Sunday, 9 October 2011

How climate change zealots are wrecking every last industry this country possesses

Daily Mail
"The Chancellor acknowledged that a decade of environmental laws had been piling unnecessary costs on households and companies, adding that Britain was not going to save the planet by putting ourselves out of business. He was referring in particular to the Climate Change Act, famously passed by the House of Commons in October 2008 by 463 votes to three, even as the snow was falling outside. By the Government's own estimate, it would cost £404 billion to implement – £760 per household every year for four decades. .....Tens of thousands have been pushed into fuel poverty. Firms that could not pass on their costs moved abroad. Huge tranches of the aluminium industry have disappeared, one major firm having moved to the Emirates in October 2009 – taking 300 workers from Anglesey who had to follow to keep their jobs. ......Particularly affected is the chemical industry, which contributes £30 million a day to the British economy. Major chemical multinationals are now looking to move production to places such as South Africa, India and China. There, under a global carbon credit scheme, we actually subsidise them by giving them credits – which they then sell back to our industries, making huge profits.

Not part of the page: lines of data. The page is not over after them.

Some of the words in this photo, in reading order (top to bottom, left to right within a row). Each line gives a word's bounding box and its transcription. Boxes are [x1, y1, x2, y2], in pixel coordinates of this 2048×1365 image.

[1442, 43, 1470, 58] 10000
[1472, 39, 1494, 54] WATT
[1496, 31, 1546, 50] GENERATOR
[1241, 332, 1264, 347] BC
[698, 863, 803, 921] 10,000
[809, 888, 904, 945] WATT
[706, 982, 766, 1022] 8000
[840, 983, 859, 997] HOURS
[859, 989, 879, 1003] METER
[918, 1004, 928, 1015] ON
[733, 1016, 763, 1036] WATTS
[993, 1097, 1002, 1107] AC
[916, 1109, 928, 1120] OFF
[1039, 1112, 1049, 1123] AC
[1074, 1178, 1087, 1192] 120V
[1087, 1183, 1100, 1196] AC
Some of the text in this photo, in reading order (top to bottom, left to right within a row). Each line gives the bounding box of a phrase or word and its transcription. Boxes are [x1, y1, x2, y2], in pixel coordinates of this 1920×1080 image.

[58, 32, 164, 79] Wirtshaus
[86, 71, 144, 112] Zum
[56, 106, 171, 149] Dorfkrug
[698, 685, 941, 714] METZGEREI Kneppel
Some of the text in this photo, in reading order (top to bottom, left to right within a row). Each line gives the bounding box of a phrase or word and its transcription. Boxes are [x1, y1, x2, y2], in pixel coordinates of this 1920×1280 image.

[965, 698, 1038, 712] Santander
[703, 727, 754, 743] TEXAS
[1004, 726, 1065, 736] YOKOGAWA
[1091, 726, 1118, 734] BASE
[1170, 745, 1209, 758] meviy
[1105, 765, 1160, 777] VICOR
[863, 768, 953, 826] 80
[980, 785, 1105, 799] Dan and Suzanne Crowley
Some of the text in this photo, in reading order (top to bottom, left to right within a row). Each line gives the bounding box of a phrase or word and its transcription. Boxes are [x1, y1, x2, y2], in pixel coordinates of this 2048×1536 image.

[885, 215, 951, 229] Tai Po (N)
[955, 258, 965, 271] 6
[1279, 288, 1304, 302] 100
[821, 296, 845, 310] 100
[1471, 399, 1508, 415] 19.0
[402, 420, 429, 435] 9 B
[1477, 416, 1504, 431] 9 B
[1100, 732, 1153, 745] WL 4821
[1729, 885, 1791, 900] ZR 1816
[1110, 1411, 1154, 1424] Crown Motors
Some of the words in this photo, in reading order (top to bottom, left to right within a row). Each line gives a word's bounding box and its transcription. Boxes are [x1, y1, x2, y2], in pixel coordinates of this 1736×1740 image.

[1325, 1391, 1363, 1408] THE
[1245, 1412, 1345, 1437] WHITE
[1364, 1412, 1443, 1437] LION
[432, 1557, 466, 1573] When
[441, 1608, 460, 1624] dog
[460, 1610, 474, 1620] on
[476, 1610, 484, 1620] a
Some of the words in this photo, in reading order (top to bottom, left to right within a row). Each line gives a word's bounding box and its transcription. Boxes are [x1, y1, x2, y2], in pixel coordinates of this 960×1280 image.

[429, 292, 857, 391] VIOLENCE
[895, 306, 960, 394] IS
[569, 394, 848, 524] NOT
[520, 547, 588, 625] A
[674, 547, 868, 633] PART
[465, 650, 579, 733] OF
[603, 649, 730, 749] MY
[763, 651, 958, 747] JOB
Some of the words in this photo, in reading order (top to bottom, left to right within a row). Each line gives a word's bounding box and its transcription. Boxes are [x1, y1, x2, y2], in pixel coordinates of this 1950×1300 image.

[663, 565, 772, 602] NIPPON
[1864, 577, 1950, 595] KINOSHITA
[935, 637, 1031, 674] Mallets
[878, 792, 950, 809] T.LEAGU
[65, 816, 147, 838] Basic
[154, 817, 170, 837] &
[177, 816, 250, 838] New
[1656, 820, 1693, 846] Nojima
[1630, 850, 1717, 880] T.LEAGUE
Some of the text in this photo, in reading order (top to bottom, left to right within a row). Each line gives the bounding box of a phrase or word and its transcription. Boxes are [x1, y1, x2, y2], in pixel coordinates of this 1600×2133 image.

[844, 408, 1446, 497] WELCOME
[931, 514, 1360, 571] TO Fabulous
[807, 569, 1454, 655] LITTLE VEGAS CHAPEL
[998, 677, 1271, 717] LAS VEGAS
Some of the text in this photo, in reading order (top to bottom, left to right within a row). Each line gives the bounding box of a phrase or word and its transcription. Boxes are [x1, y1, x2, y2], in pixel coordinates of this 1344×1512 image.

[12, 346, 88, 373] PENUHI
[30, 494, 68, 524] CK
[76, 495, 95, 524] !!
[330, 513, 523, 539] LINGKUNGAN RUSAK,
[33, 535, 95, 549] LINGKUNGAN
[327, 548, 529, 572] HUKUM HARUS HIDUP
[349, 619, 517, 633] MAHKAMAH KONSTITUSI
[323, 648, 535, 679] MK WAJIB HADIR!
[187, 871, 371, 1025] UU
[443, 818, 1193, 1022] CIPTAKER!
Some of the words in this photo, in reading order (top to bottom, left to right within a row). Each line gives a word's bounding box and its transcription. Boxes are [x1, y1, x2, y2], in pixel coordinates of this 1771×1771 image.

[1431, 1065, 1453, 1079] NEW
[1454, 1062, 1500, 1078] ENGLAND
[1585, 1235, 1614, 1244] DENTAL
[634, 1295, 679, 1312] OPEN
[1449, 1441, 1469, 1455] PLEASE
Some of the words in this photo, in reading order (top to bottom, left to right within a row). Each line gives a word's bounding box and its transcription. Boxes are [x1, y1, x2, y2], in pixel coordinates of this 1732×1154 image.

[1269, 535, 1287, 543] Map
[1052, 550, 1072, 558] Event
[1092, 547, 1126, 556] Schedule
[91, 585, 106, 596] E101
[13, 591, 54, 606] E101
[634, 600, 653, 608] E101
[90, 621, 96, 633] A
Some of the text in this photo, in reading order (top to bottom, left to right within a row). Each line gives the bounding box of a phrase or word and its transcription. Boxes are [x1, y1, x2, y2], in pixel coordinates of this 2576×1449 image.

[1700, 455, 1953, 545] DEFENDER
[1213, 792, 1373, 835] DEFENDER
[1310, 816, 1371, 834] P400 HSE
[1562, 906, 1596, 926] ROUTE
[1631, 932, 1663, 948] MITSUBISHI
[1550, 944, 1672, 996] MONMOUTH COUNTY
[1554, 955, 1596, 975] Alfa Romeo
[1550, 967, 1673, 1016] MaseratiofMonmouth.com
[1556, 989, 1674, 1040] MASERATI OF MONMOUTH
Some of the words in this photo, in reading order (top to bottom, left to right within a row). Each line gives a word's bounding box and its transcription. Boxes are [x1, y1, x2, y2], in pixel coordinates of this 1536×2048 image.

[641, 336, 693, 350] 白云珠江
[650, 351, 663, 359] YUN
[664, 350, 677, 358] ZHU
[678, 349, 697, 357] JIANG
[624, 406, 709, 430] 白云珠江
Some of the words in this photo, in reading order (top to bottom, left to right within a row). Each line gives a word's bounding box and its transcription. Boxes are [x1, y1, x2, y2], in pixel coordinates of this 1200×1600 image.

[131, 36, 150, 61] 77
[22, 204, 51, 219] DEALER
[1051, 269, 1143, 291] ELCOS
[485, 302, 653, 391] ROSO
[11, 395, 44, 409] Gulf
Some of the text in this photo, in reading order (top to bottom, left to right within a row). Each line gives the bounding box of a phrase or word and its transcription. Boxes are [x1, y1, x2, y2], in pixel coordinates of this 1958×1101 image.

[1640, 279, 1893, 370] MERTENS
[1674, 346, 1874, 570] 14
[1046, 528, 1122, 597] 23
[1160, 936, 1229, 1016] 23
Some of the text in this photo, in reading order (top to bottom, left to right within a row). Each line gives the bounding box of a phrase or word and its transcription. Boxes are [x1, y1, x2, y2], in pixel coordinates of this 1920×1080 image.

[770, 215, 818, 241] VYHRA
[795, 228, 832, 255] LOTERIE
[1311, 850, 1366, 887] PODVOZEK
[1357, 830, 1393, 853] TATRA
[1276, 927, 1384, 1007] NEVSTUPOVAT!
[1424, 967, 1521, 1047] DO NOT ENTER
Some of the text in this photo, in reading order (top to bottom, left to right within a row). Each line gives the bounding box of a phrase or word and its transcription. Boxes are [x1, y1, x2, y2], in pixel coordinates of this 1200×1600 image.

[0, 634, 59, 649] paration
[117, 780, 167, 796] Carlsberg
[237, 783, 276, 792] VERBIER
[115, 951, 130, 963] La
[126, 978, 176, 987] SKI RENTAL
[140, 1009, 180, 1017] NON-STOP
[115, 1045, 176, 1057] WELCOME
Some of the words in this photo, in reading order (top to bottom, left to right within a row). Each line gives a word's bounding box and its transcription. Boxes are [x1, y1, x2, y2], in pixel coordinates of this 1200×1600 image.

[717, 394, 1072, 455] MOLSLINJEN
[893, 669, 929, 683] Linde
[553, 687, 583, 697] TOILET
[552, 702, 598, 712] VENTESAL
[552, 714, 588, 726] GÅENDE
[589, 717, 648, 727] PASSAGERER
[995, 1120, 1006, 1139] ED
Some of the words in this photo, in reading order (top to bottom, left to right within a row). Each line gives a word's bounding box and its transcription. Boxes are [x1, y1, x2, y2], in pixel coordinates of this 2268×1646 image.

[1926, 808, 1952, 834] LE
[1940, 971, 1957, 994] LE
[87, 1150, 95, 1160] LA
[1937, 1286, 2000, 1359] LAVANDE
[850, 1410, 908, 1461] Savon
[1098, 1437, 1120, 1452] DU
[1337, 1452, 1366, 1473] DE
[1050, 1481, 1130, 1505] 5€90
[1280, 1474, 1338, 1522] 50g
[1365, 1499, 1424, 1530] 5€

I haven't even mentioned the madness of the wind machines. Subsidies, paid for by consumers, make wind power three times more costly than the normal tariff electricity. But as the pull of the subsidies draws investment away from new conventional plants, the spectre of power cuts looms large. Caught in this vice of increasing 'green' costs and subsidised competition, the manufacturing industries which Osborne hopes will lead the UK recovery simply cannot survive."